(Image-backed grounding data)
§
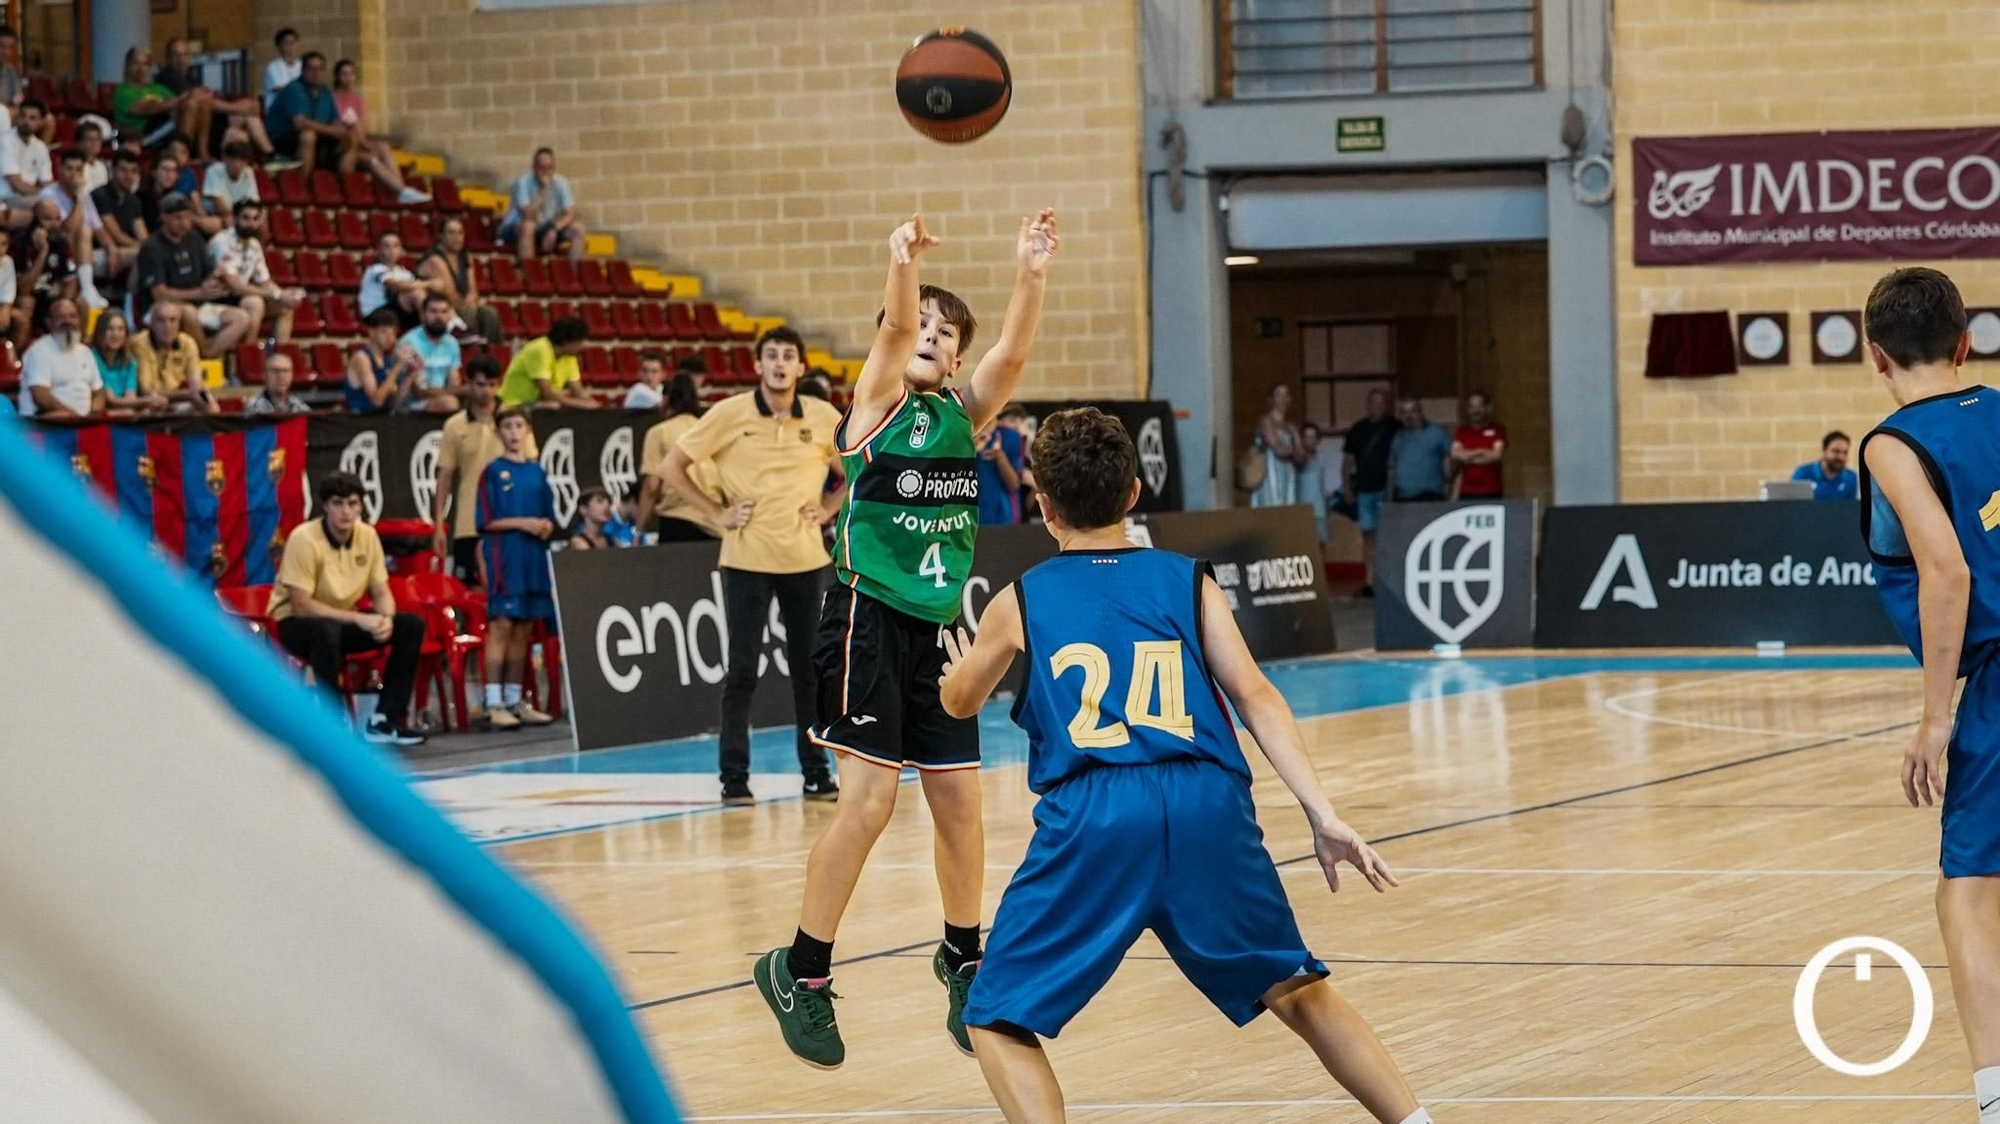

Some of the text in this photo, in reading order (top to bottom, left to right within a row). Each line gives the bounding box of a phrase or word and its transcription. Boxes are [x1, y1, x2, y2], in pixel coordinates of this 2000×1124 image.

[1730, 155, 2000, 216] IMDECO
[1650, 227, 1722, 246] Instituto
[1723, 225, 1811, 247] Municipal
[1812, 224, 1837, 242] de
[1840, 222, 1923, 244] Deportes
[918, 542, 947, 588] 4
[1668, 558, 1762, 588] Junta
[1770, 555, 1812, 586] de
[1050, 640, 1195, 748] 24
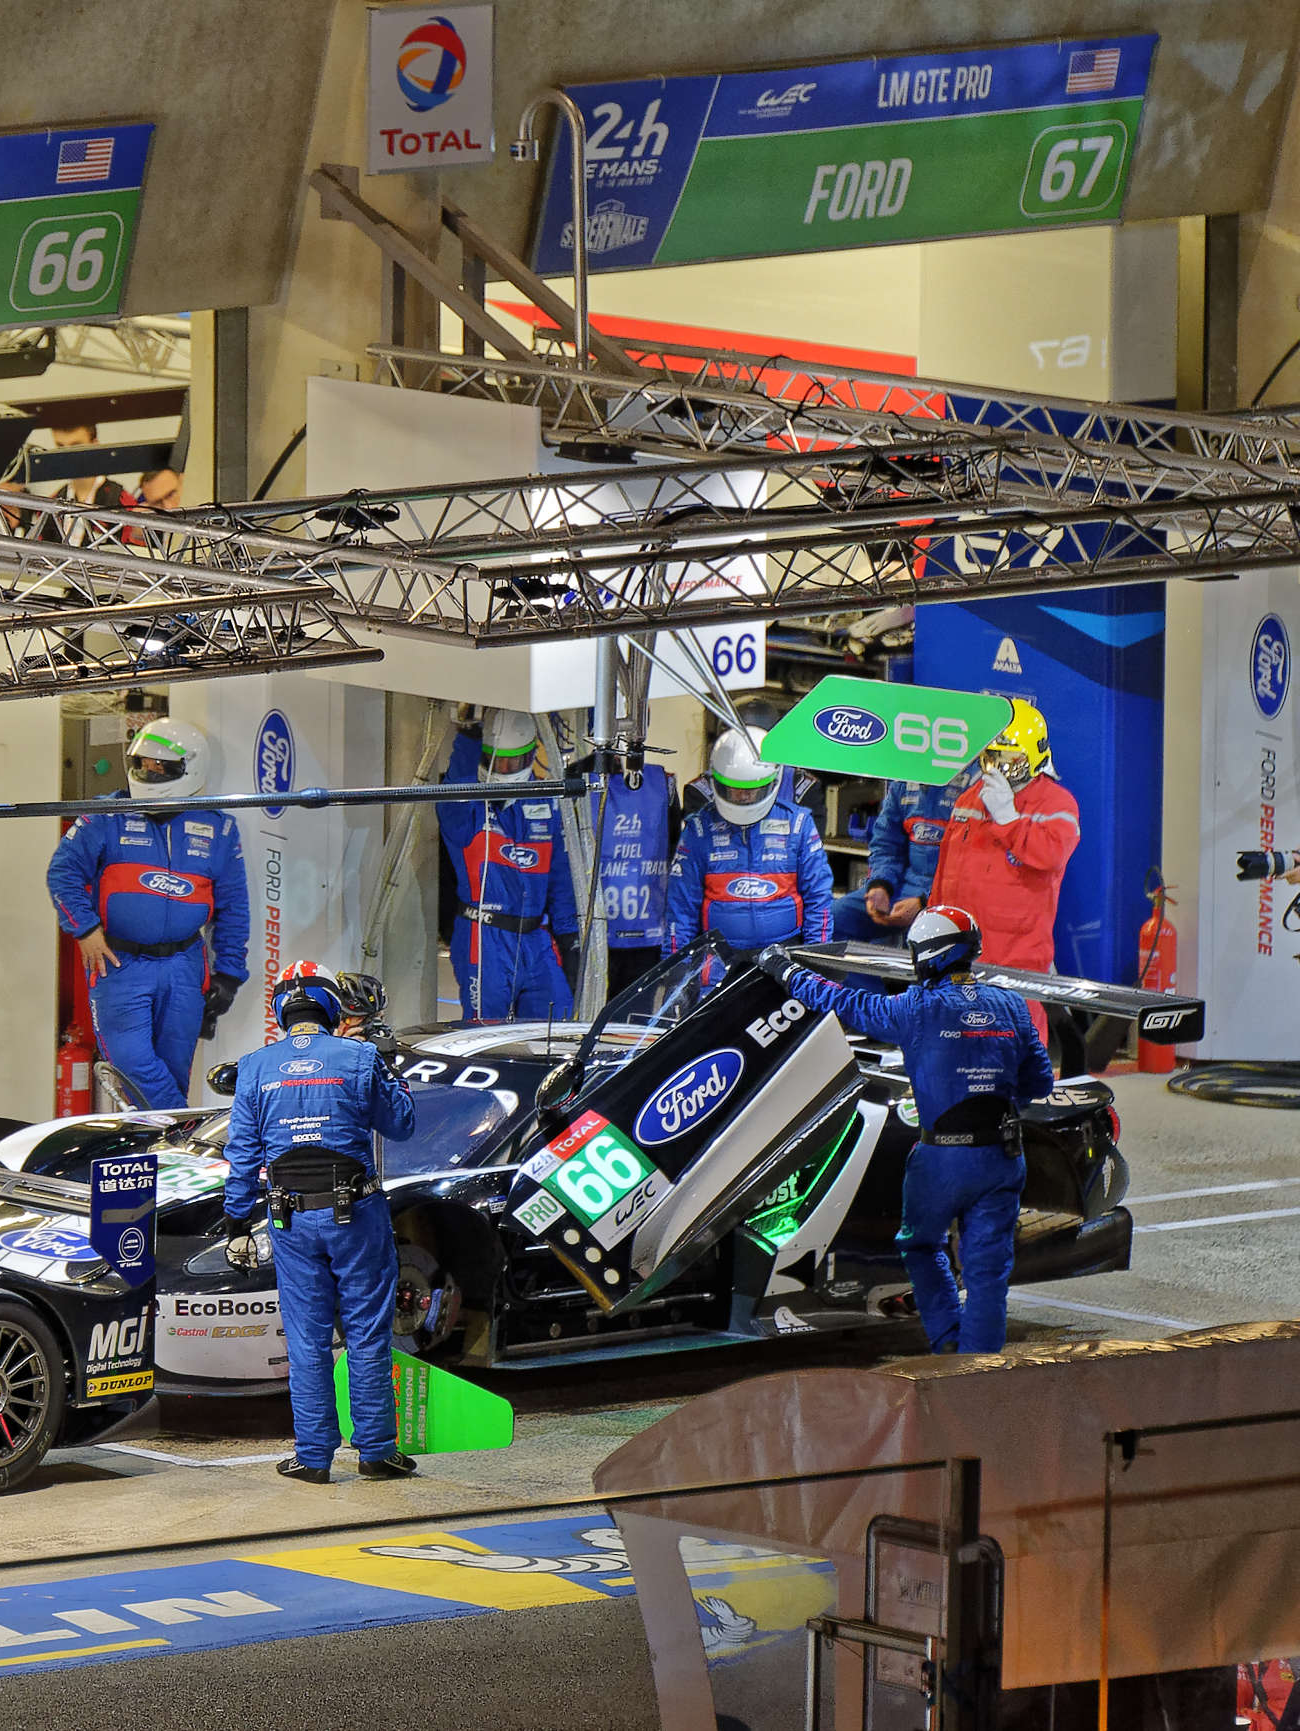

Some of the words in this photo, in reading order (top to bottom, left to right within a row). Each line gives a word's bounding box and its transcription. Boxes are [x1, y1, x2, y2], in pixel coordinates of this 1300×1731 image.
§
**EXERCISE INSTRUCTIONS:**
Transcribe the records above exactly, without images.

**TASK RESULT:**
Some of the text in this photo, in reading order (top to bottom, left to right within a row). Each line gives the bounding box of a phrase or word and its transcription. Boxes are [x1, y1, x2, y2], in pixel coordinates of this 2000×1124 image.

[1730, 155, 2000, 216] IMDECO
[1650, 227, 1722, 246] Instituto
[1723, 225, 1811, 247] Municipal
[1812, 224, 1837, 242] de
[1840, 222, 1923, 244] Deportes
[918, 542, 947, 588] 4
[1668, 558, 1762, 588] Junta
[1770, 555, 1812, 586] de
[1050, 640, 1195, 748] 24

Some of the words in this photo, in reading order (top to bottom, left to right within a row). Each line gives a word's bounding box and its transcription. Boxes are [x1, y1, x2, y2], in pixel coordinates of this 1300×1731 image.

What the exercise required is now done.